I therefor restarted with a filtered fastq file (as I have mentioned before) and added the parameters on which you recommended, overlapper=mhap utgReAlign=true'

Still it takes a long time.

skoren commented 6 years ago

What's the output in correction/Gene.ovlStore.err for the failed run?

The fast option only affect things post-correction, the correction will take exactly the same time as before. Having >50,000x coverage isn't a common use case.

Omer-K commented 6 years ago

What's the output in correction/Gene.ovlStore.err for the failed run?

I've actually deleted the folder produced by this run, as I restarted and had to free-up storage..

The fast option only affect things post-correction, the correction will take exactly the same time as before. Having >50,000x coverage isn't a common use case.

Then randomly sub-sampling still is a good suggestion, I guess? How would you suggest going about this, in an easy manner? I have not specific knowledge of programming other than MATLAB and some Unix command line.

Also, what coverage should suffice?

skoren commented 6 years ago

You could do something as simple as take the beginning of the fastq input, assuming there is no bias in sequencing time. Canu also has a utility called fastqSample that lets you subsample to a desired coverage. It expects the input to be named file.u.fastq and you can run fastqSample without options to get the help.

Omer-K commented 6 years ago

Thanks, I'll give it a go and update.

Omer-K commented 6 years ago

I'm trying to use the fastqSample command: fastqSample -U file.u.fastq -I 023b484d86c10d61534e6aa274918bdd8700a8be -g 7600 -c 200

There is no error and I'm note quite sure if I wrote the command properly. What should I have specified in the -I option? I wrote the runID as I thought this was common to all reads in the fastq file but I must've gotten it wrong.

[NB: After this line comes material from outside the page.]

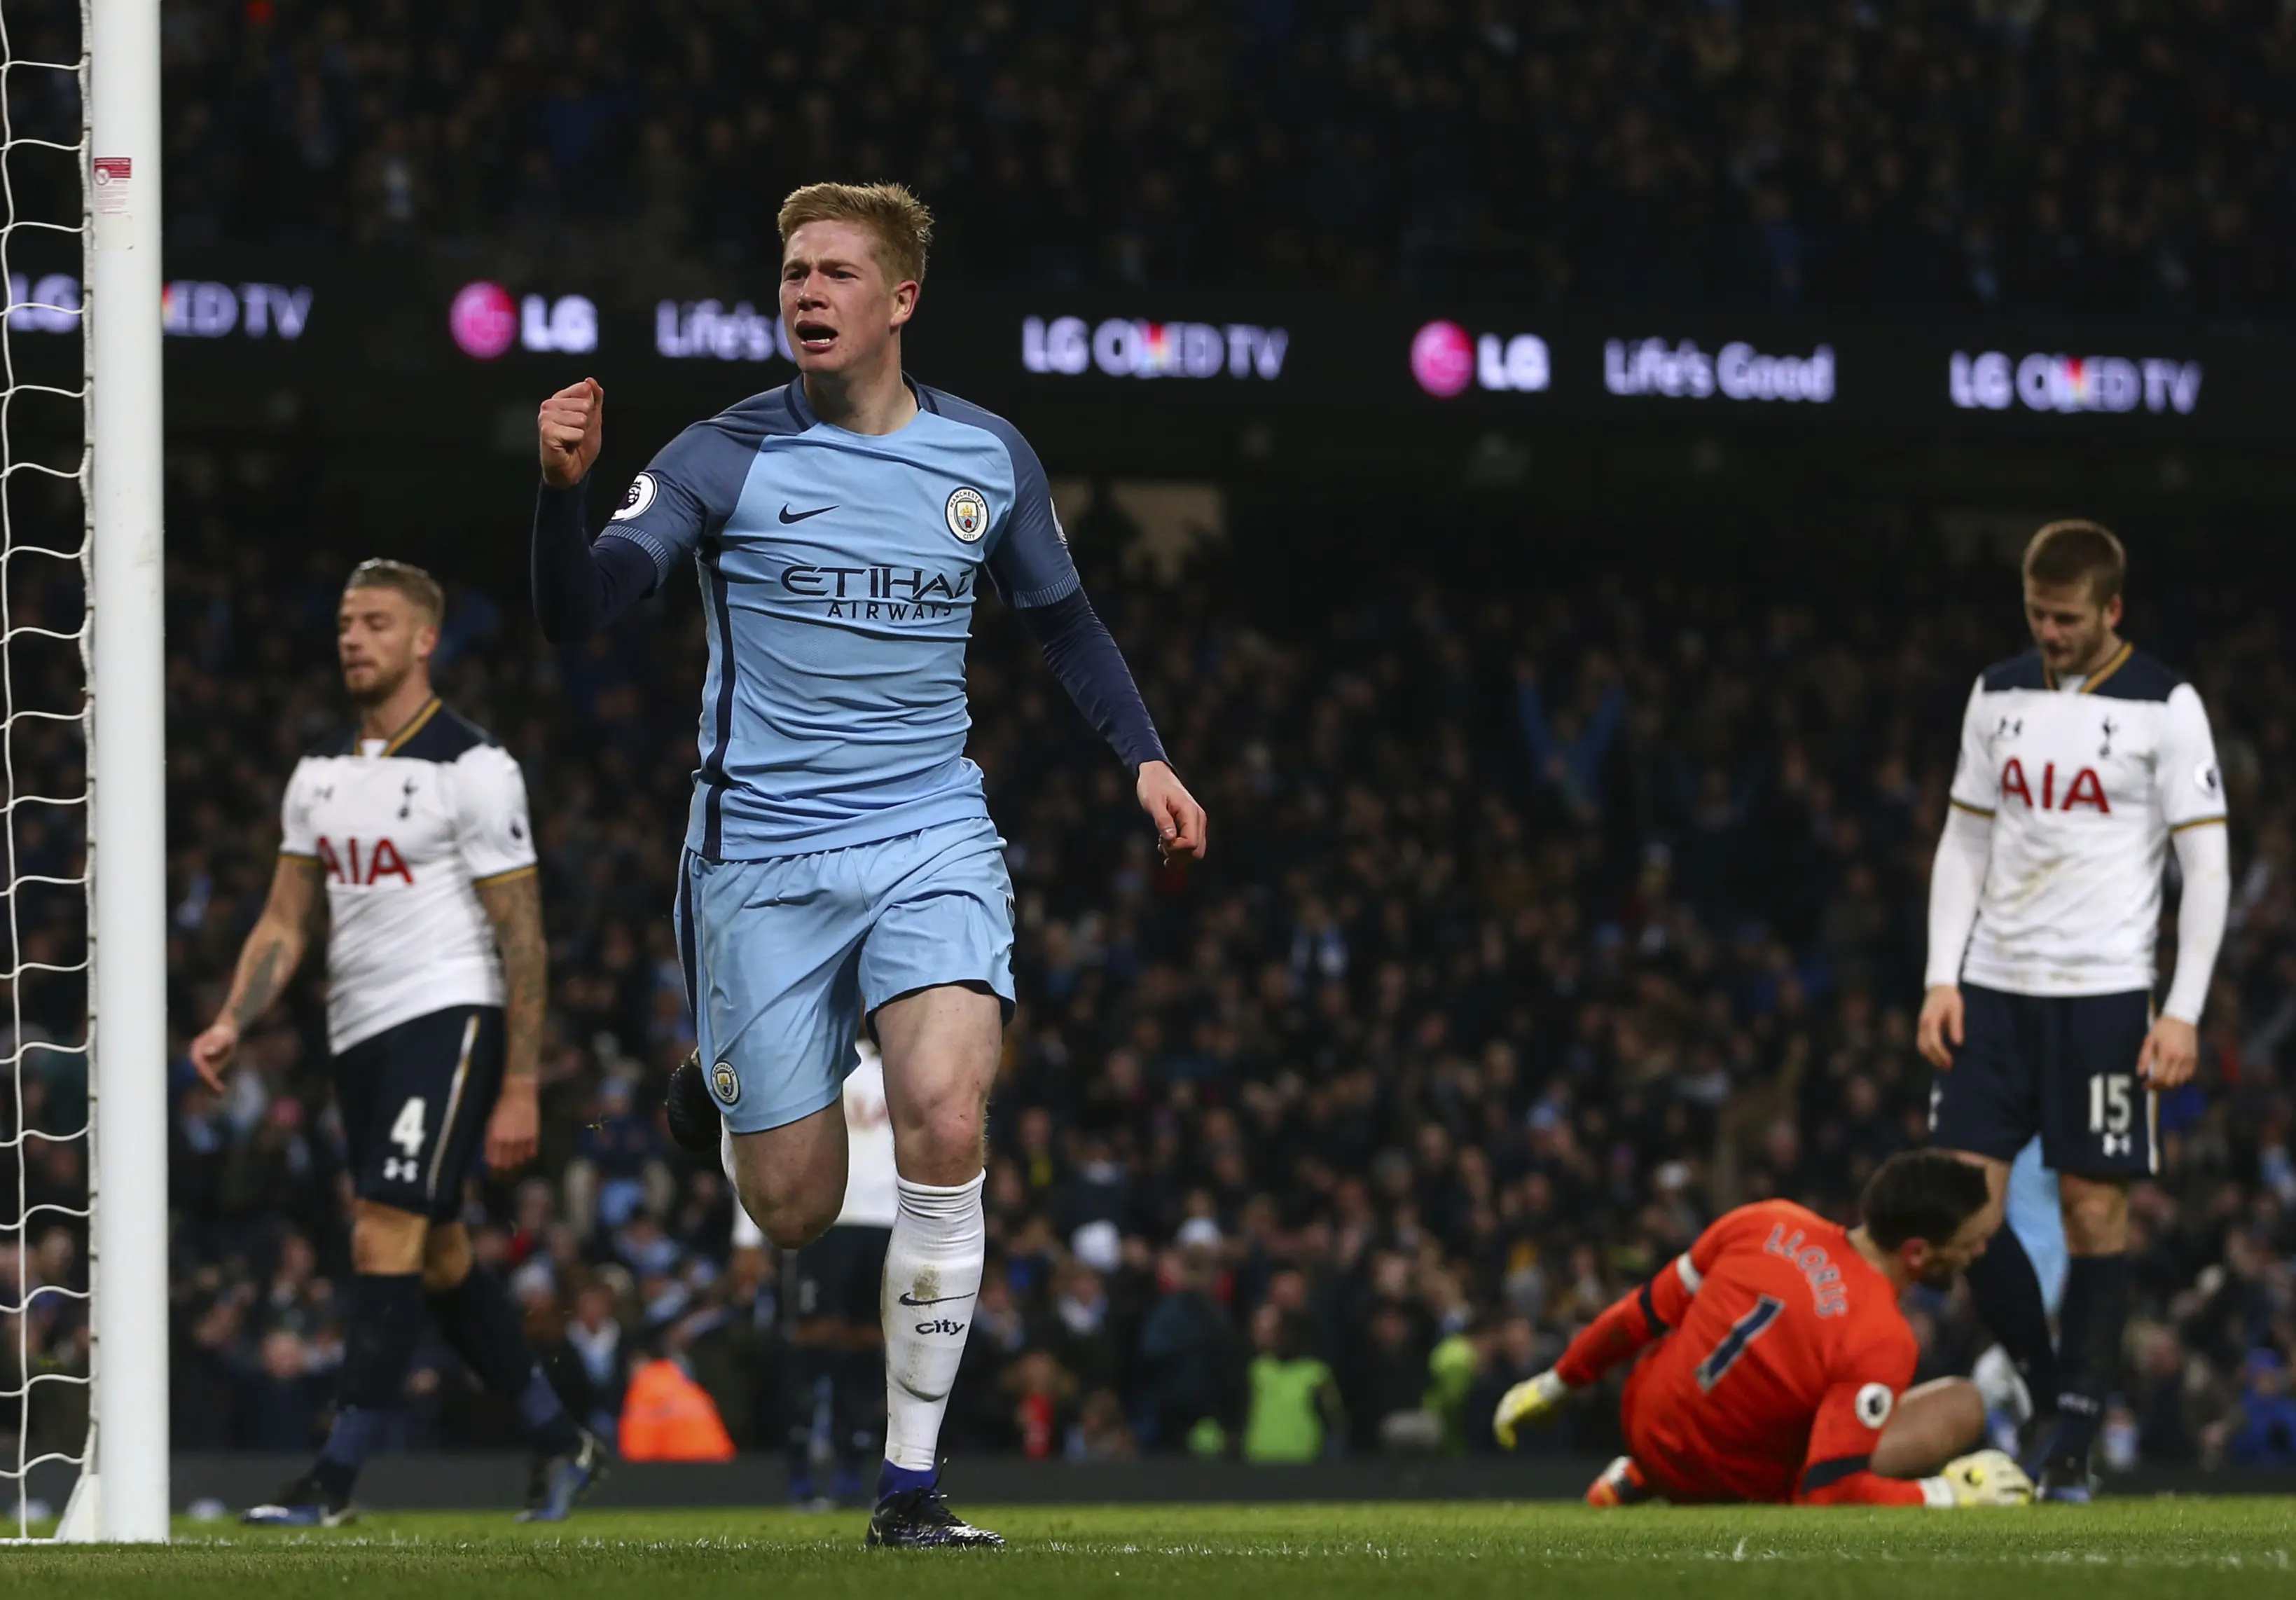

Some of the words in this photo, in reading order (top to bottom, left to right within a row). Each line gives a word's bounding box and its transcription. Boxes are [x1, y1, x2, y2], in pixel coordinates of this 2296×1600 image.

skoren commented 6 years ago

The -U option is a flag, it doesn't take parameters and you want to give the prefix to -I. Your command should be: fastqSample -U -I file -g 7600 -c 200 -O file_downsampled

This will look for a file named file.u.fastq and write to file_downsampled.u.fastq

Omer-K commented 6 years ago

Ok so I run 'fastqSample' with '-c 1000' and '10000'. Then I run the regular canu command with parameters

'GenomeSize=7600 minOverlapLength=100 -nanopore-raw downsampled.u.fastq corOutCoverage=100'

I got an error and terminated script:

Gatekeeper detected problems in your input reads.  Please review the logging in files:
  /home/myfolder/20180321_1508_gene_7_first_extraction_basecalled/workspace/pass/gene_downsampled_10000/correction/Gene.116.gkpStore.BUILDING.err
  /home/myfolder/20180321_1508_gene_7_first_extraction_basecalled/workspace/pass/gene_downsampled_10000/correction/Gene.116.gkpStore.BUILDING/errorLog
If you wish to proceed, rename the store with the following commands and restart canu.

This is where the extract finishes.